Saved data entries:
((
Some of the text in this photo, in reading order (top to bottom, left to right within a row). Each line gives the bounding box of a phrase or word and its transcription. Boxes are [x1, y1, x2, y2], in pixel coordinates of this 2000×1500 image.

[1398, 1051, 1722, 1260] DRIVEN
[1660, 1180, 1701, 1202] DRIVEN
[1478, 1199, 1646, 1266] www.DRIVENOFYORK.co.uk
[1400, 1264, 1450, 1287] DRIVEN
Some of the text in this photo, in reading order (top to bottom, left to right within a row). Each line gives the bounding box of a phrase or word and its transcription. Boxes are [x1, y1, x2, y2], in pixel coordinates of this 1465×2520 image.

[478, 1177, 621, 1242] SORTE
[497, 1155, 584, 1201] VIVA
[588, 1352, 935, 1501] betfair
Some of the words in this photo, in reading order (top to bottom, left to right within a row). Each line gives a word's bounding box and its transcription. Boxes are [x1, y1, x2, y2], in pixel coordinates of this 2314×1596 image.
))
What is required: Extract the complete data, matching each line exactly.

Answer box:
Some of the text in this photo, in reading order (top to bottom, left to right within a row). Each line gives the bounding box of a phrase or word and its transcription. Boxes are [x1, y1, x2, y2], in pixel coordinates of this 2000×1500 image.

[1398, 1051, 1722, 1260] DRIVEN
[1660, 1180, 1701, 1202] DRIVEN
[1478, 1199, 1646, 1266] www.DRIVENOFYORK.co.uk
[1400, 1264, 1450, 1287] DRIVEN
Some of the text in this photo, in reading order (top to bottom, left to right within a row). Each line gives the bounding box of a phrase or word and its transcription. Boxes are [x1, y1, x2, y2], in pixel coordinates of this 1465×2520 image.

[478, 1177, 621, 1242] SORTE
[497, 1155, 584, 1201] VIVA
[588, 1352, 935, 1501] betfair
Some of the words in this photo, in reading order (top to bottom, left to right within a row). Each line gives a word's bounding box and its transcription. Boxes are [x1, y1, x2, y2], in pixel coordinates of this 2314×1596 image.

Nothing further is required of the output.